There are many koans in the Christian Gospels: If you want to save your life, you must lose it; the last shall be first and first shall be last. But the ultimate koan is what the western Christian world celebrated yesterday: Easter, the event of Jesus coming back from the dead. It defies rational explanation. It can’t be proven. And yet the Resurrection is the ground zero moment of the Christian faith.
And the questions emerge, the skepticism surfaces and the doubts persist: did Jesus come back to life in bodily form, with ten fingers and ten toes, and with a normal blood pressure? How did that happen? How could it happen?
I don’t know the answer to those questions, but I will acknowledge that there are many Christians who insist on providing them. But that is not where the Easter koan takes me. Over the years I continue to ponder the remarkable and mysterious Easter story. And instead of trying to figure out how it happened, I wonder: what is the koan’s effect? For me, as I sit with the Easter stories, what I find is that the Resurrection opened people’s eyes to see in a completely new and different way. It enabled Mary, the disciples and the two followers on the road to Emmaus to see — to see new life in Jesus, to see new life in each other, and to see the possibility of new life in the darkest of places.
Now Thomas wasn’t going to be satisfied by just being able to see; he needed to feel; he needed tactile proof. And he got it. And still questions arise: when Thomas stuck his hand in Jesus’ side, did he really feel Jesus’ intestines? Did he actually put his hand through the hole in Jesus’ hand that were left by thick spikes?
I don’t know. But I can say that being able to feel – be it emotionally or physically, heightened Thomas’ ability to see, as it does for me. To see with both imagination and compassion – which involves both seeing and feeling; two ingredients that our egos are nervous about, because they are not easily controlled. The egos want our vision to be focused elsewhere – on what we can know empirically and definitively.
Easter is both an inscrutable koan and an enormous gift. And more than ever, we need to receive the gift of a new way of seeing life – and particularly new life, because the forces and voices in the world are
ramping up their campaign to focus our vision on the world’s darkness. The pictures coming out of Ukraine churn the stomach and pierce the heart. But as the invasion approaches its second month, a protective coating is beginning to emerge. We want to either shade or close our eyes. The pictures are freighted with more pain and degradation than the heart can normally stomach. And so the ego kicks in – with anger, yes, but also with a need to establish some emotional distance from the horror. The ego seeks stability; it is averse to risk and tries to avoid pain. And it will attempt to direct us to think, say — and see, – that all of this evil is happening way over there, which means that it is not happening here (at least not on the same scale). And which also means that we become tempted to look at the Ukrainian pictures as if they are from yet another gruesome TV show.

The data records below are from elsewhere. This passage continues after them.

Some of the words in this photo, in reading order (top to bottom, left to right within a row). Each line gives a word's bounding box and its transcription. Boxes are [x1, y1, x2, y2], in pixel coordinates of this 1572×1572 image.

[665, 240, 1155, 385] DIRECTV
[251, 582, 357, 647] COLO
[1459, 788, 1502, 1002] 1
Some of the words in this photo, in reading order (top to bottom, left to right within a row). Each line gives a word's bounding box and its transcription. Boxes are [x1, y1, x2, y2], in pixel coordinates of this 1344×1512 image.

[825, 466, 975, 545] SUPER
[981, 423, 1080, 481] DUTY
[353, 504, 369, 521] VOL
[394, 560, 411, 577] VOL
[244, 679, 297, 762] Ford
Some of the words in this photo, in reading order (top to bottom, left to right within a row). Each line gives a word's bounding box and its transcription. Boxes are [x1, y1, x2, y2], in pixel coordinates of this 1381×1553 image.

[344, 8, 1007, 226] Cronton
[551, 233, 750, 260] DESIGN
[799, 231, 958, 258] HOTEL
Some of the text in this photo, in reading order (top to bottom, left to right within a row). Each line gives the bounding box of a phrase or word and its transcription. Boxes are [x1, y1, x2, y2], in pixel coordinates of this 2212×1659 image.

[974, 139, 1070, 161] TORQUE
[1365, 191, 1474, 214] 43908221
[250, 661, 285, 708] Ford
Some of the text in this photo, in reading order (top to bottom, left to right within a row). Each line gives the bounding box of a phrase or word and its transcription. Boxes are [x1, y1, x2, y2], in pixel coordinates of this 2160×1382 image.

Which, of course, is what Putin is hoping for. That we will become accustomed to all the atrocity. Not that we would accept it, but that we will be inured to it. And spend our energy trying to protect ourselves by closing our eyes to what is happening beyond our carefully crafted circles, thus giving Putin more opportunity to continue his perfidy. There certainly is historical precedent for this sort of response.
The koan of Easter opens the eyes. To new life, yes, but also keeps our eyes open to the world’s pain and degradation, which is a koan in and of itself. Embracing the Easter koan can help us to keep looking at the world’s darkness, so that our hearts can continue to feel the world’s pain. And can serve as an impetus for us to respond with prayers, compassion, donations, action, advocacy and hope.